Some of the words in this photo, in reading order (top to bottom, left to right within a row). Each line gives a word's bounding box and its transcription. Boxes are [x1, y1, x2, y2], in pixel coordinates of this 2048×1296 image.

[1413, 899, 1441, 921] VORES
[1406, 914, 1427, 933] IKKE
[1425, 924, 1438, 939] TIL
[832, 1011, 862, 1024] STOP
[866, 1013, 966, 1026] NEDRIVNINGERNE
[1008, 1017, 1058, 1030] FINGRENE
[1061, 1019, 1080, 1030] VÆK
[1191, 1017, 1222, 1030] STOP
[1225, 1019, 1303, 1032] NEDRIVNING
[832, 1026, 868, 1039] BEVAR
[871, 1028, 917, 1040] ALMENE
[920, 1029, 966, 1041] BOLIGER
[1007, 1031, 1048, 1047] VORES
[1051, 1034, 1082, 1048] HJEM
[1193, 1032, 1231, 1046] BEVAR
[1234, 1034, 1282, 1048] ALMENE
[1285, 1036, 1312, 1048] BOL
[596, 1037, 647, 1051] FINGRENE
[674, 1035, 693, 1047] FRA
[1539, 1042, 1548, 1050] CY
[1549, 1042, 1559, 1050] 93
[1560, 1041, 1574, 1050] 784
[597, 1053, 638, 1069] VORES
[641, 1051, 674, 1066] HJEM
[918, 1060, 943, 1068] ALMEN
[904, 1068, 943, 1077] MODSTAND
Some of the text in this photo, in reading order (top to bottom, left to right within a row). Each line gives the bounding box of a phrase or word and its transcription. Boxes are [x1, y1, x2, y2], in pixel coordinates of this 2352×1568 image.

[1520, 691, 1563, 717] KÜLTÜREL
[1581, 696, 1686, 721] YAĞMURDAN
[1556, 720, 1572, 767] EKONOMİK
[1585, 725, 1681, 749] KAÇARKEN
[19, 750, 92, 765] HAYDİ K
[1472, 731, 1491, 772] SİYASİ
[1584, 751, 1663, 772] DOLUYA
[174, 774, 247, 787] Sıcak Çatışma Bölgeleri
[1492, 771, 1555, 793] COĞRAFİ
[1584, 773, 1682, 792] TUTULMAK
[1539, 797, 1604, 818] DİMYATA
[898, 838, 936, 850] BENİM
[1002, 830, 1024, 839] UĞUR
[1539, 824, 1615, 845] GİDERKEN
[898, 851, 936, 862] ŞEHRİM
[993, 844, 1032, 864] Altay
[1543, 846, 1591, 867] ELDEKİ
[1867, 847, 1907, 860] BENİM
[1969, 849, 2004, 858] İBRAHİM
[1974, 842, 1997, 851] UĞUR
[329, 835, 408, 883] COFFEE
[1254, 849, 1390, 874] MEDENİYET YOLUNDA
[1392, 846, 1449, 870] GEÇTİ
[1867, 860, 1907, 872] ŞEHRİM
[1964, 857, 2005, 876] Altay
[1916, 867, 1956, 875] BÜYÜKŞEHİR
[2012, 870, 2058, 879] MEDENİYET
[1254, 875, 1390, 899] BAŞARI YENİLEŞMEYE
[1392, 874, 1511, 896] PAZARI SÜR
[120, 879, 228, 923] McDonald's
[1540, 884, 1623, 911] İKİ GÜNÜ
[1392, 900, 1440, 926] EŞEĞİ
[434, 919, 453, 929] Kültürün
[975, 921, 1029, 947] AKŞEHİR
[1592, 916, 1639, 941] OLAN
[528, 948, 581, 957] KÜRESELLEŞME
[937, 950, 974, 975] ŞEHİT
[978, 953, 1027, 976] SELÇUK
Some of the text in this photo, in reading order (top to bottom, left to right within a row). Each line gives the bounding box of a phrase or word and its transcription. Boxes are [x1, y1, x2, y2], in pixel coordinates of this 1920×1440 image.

################

- Brief -
A verbatim copy of all the entries above is requested.

- Exercise solution -
Some of the words in this photo, in reading order (top to bottom, left to right within a row). Each line gives a word's bounding box and its transcription. Boxes are [x1, y1, x2, y2], in pixel coordinates of this 2048×1296 image.

[1413, 899, 1441, 921] VORES
[1406, 914, 1427, 933] IKKE
[1425, 924, 1438, 939] TIL
[832, 1011, 862, 1024] STOP
[866, 1013, 966, 1026] NEDRIVNINGERNE
[1008, 1017, 1058, 1030] FINGRENE
[1061, 1019, 1080, 1030] VÆK
[1191, 1017, 1222, 1030] STOP
[1225, 1019, 1303, 1032] NEDRIVNING
[832, 1026, 868, 1039] BEVAR
[871, 1028, 917, 1040] ALMENE
[920, 1029, 966, 1041] BOLIGER
[1007, 1031, 1048, 1047] VORES
[1051, 1034, 1082, 1048] HJEM
[1193, 1032, 1231, 1046] BEVAR
[1234, 1034, 1282, 1048] ALMENE
[1285, 1036, 1312, 1048] BOL
[596, 1037, 647, 1051] FINGRENE
[674, 1035, 693, 1047] FRA
[1539, 1042, 1548, 1050] CY
[1549, 1042, 1559, 1050] 93
[1560, 1041, 1574, 1050] 784
[597, 1053, 638, 1069] VORES
[641, 1051, 674, 1066] HJEM
[918, 1060, 943, 1068] ALMEN
[904, 1068, 943, 1077] MODSTAND
Some of the text in this photo, in reading order (top to bottom, left to right within a row). Each line gives the bounding box of a phrase or word and its transcription. Boxes are [x1, y1, x2, y2], in pixel coordinates of this 2352×1568 image.

[1520, 691, 1563, 717] KÜLTÜREL
[1581, 696, 1686, 721] YAĞMURDAN
[1556, 720, 1572, 767] EKONOMİK
[1585, 725, 1681, 749] KAÇARKEN
[19, 750, 92, 765] HAYDİ K
[1472, 731, 1491, 772] SİYASİ
[1584, 751, 1663, 772] DOLUYA
[174, 774, 247, 787] Sıcak Çatışma Bölgeleri
[1492, 771, 1555, 793] COĞRAFİ
[1584, 773, 1682, 792] TUTULMAK
[1539, 797, 1604, 818] DİMYATA
[898, 838, 936, 850] BENİM
[1002, 830, 1024, 839] UĞUR
[1539, 824, 1615, 845] GİDERKEN
[898, 851, 936, 862] ŞEHRİM
[993, 844, 1032, 864] Altay
[1543, 846, 1591, 867] ELDEKİ
[1867, 847, 1907, 860] BENİM
[1969, 849, 2004, 858] İBRAHİM
[1974, 842, 1997, 851] UĞUR
[329, 835, 408, 883] COFFEE
[1254, 849, 1390, 874] MEDENİYET YOLUNDA
[1392, 846, 1449, 870] GEÇTİ
[1867, 860, 1907, 872] ŞEHRİM
[1964, 857, 2005, 876] Altay
[1916, 867, 1956, 875] BÜYÜKŞEHİR
[2012, 870, 2058, 879] MEDENİYET
[1254, 875, 1390, 899] BAŞARI YENİLEŞMEYE
[1392, 874, 1511, 896] PAZARI SÜR
[120, 879, 228, 923] McDonald's
[1540, 884, 1623, 911] İKİ GÜNÜ
[1392, 900, 1440, 926] EŞEĞİ
[434, 919, 453, 929] Kültürün
[975, 921, 1029, 947] AKŞEHİR
[1592, 916, 1639, 941] OLAN
[528, 948, 581, 957] KÜRESELLEŞME
[937, 950, 974, 975] ŞEHİT
[978, 953, 1027, 976] SELÇUK
Some of the text in this photo, in reading order (top to bottom, left to right within a row). Each line gives the bounding box of a phrase or word and its transcription. Boxes are [x1, y1, x2, y2], in pixel coordinates of this 1920×1440 image.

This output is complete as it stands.